Problem requirements> Leave out the pictures, and retype the remaining data exactly.

[Stored data entries]
—————
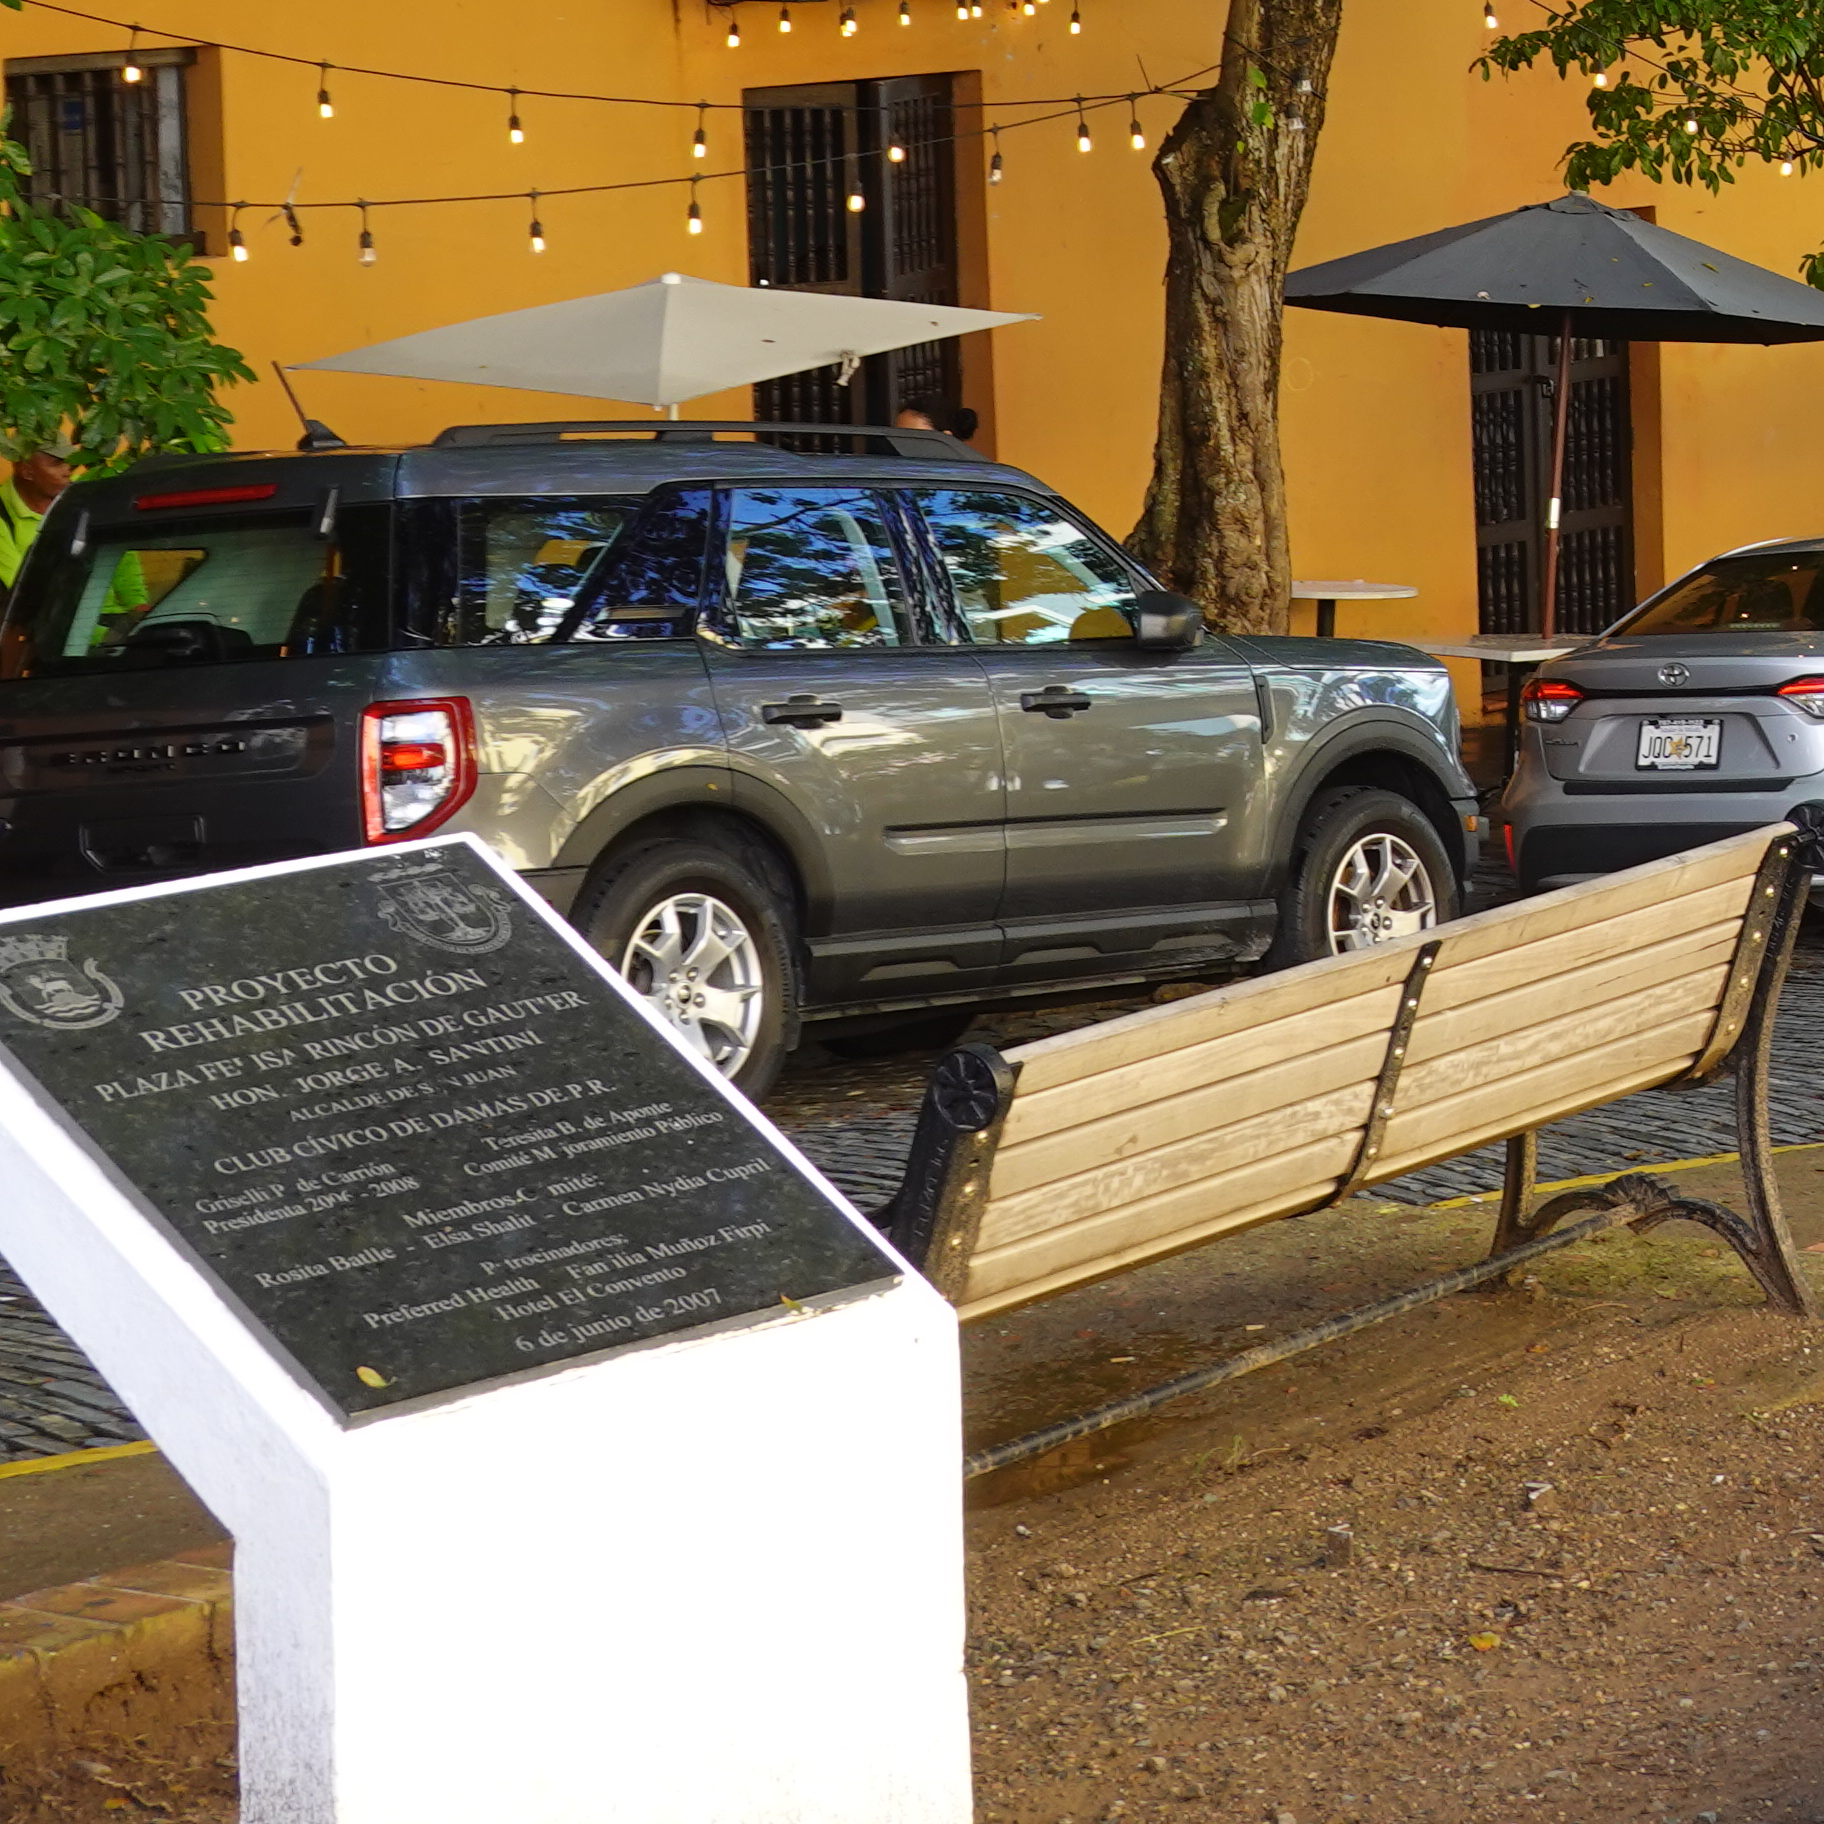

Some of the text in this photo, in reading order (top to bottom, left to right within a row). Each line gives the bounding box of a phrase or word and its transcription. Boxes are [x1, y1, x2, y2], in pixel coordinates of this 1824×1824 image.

[1683, 735, 1713, 759] 571
[138, 968, 488, 1053] REHABILITACIÓN
[178, 954, 398, 1011] PROYECTO
[94, 1068, 201, 1102] PLAZA
[303, 1024, 420, 1060] RINCÓN
[417, 1015, 464, 1037] DE
[208, 1029, 545, 1111] HON. JORGE A. SANTINI
[289, 1064, 518, 1123] ALCALDE DE SN JUAN
[213, 1078, 617, 1175] CLUB CÍVICO DE DAMAS DE P.R.
[463, 1110, 725, 1177] Comité Mjoramiento Público
[481, 1099, 673, 1152] Teresita B. de Aponte
[195, 1185, 271, 1213] Griselli
[296, 1177, 323, 1193] de
[321, 1161, 398, 1187] Carrión
[202, 1200, 309, 1235] Presidenta
[367, 1176, 421, 1198] 2008
[402, 1172, 605, 1228] Miembros Cmité:
[254, 1262, 331, 1288] Rosita
[328, 1246, 398, 1272] Batlle
[422, 1229, 475, 1250] Elsa
[471, 1213, 538, 1238] Shalit
[562, 1188, 646, 1217] Carmen
[640, 1174, 707, 1199] Nydia
[705, 1156, 773, 1185] Cupril
[361, 1292, 468, 1330] Preferred
[463, 1275, 542, 1301] Health
[644, 1233, 722, 1260] Muñoz
[717, 1218, 773, 1244] Firpi
[479, 1232, 630, 1276] Ptrocinadores:
[494, 1265, 688, 1321] Hotel El Convento
[514, 1287, 723, 1353] 6 de junio de 2007
—————
Finished exercise>
Some of the text in this photo, in reading order (top to bottom, left to right within a row). Each line gives the bounding box of a phrase or word and its transcription. Boxes are [x1, y1, x2, y2], in pixel coordinates of this 1824×1824 image.

[1683, 735, 1713, 759] 571
[138, 968, 488, 1053] REHABILITACIÓN
[178, 954, 398, 1011] PROYECTO
[94, 1068, 201, 1102] PLAZA
[303, 1024, 420, 1060] RINCÓN
[417, 1015, 464, 1037] DE
[208, 1029, 545, 1111] HON. JORGE A. SANTINI
[289, 1064, 518, 1123] ALCALDE DE SN JUAN
[213, 1078, 617, 1175] CLUB CÍVICO DE DAMAS DE P.R.
[463, 1110, 725, 1177] Comité Mjoramiento Público
[481, 1099, 673, 1152] Teresita B. de Aponte
[195, 1185, 271, 1213] Griselli
[296, 1177, 323, 1193] de
[321, 1161, 398, 1187] Carrión
[202, 1200, 309, 1235] Presidenta
[367, 1176, 421, 1198] 2008
[402, 1172, 605, 1228] Miembros Cmité:
[254, 1262, 331, 1288] Rosita
[328, 1246, 398, 1272] Batlle
[422, 1229, 475, 1250] Elsa
[471, 1213, 538, 1238] Shalit
[562, 1188, 646, 1217] Carmen
[640, 1174, 707, 1199] Nydia
[705, 1156, 773, 1185] Cupril
[361, 1292, 468, 1330] Preferred
[463, 1275, 542, 1301] Health
[644, 1233, 722, 1260] Muñoz
[717, 1218, 773, 1244] Firpi
[479, 1232, 630, 1276] Ptrocinadores:
[494, 1265, 688, 1321] Hotel El Convento
[514, 1287, 723, 1353] 6 de junio de 2007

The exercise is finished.